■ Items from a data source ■
BEGIN

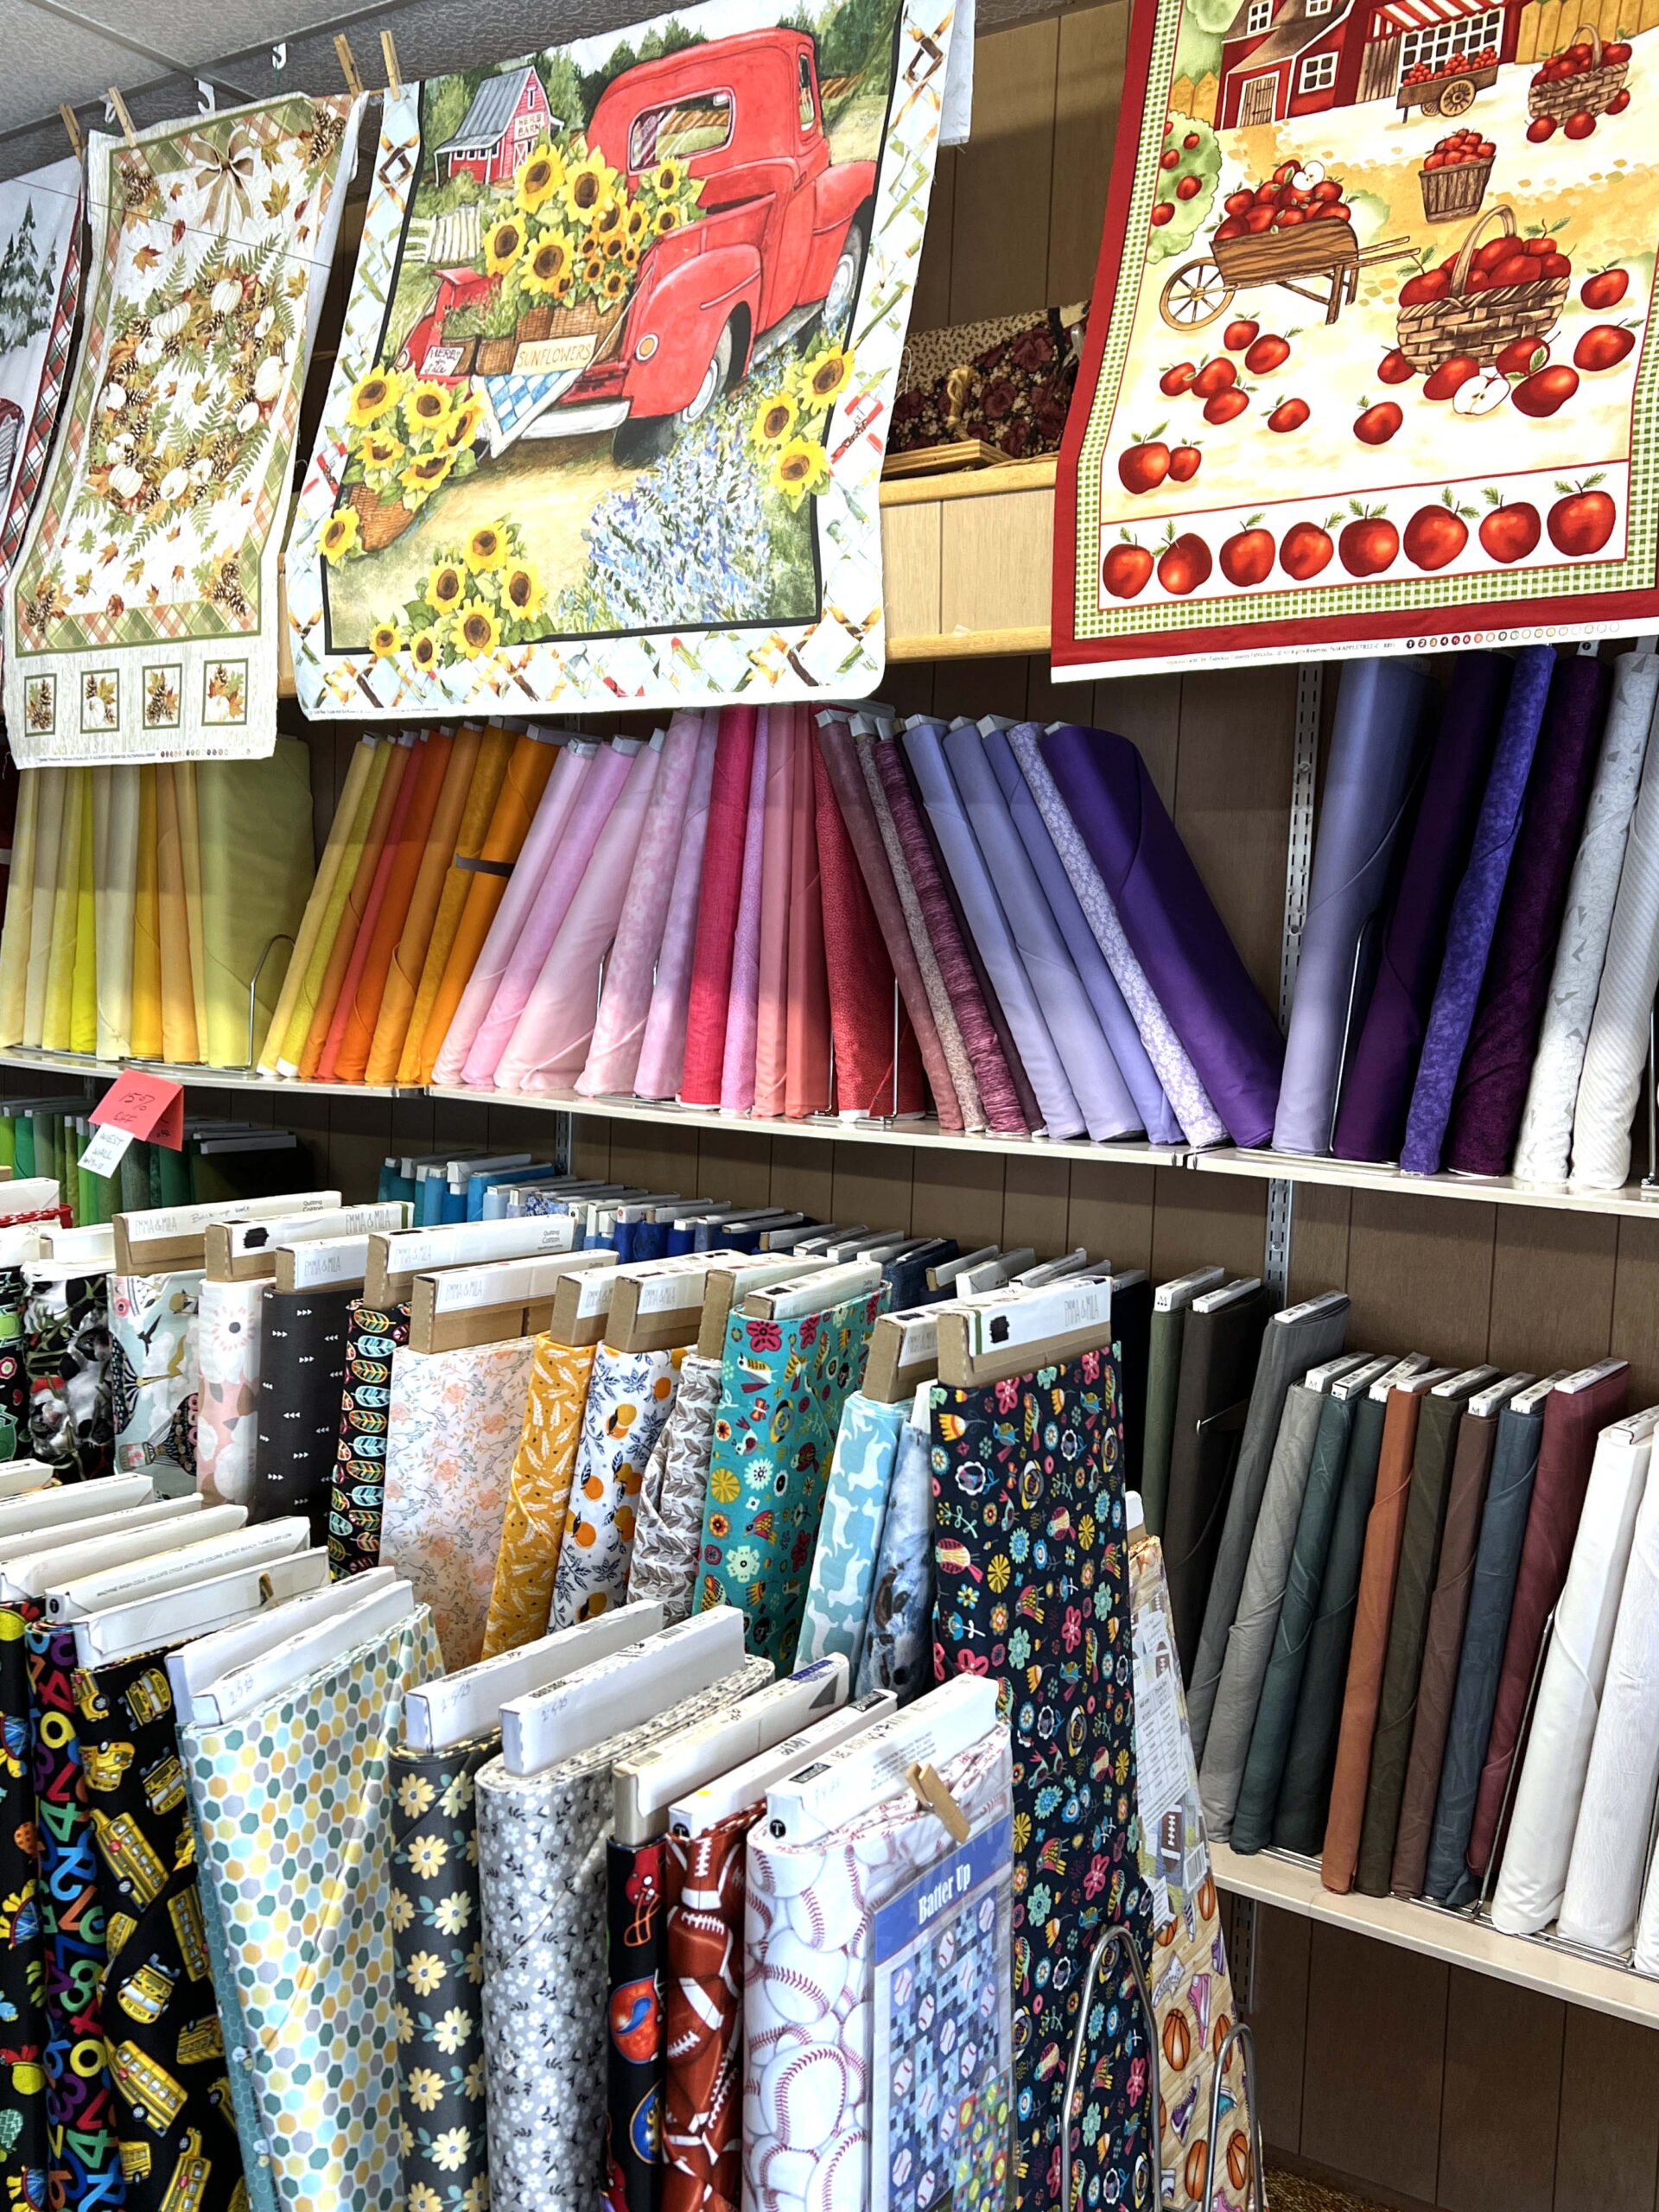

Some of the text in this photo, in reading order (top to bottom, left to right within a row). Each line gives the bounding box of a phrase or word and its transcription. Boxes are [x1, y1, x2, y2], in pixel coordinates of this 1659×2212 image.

[430, 347, 461, 359] HERBS
[518, 344, 592, 368] SUNFLOWERS
[119, 1092, 155, 1110] 15%
[135, 1219, 155, 1236] EMMA
[346, 1210, 391, 1235] EMMA & MILA
[305, 1255, 340, 1277] EMMA & MILA
[1065, 1294, 1099, 1326] EMMA & MILA
[772, 1821, 783, 1835] T
[918, 1864, 971, 1925] Batter Up

END

■ TASK ■
No picture belongs in the answer; the rest of the records must be repeated exactly.

■ REPLY TO THE EXERCISE ■
Some of the text in this photo, in reading order (top to bottom, left to right within a row). Each line gives the bounding box of a phrase or word and its transcription. Boxes are [x1, y1, x2, y2], in pixel coordinates of this 1659×2212 image.

[430, 347, 461, 359] HERBS
[518, 344, 592, 368] SUNFLOWERS
[119, 1092, 155, 1110] 15%
[135, 1219, 155, 1236] EMMA
[346, 1210, 391, 1235] EMMA & MILA
[305, 1255, 340, 1277] EMMA & MILA
[1065, 1294, 1099, 1326] EMMA & MILA
[772, 1821, 783, 1835] T
[918, 1864, 971, 1925] Batter Up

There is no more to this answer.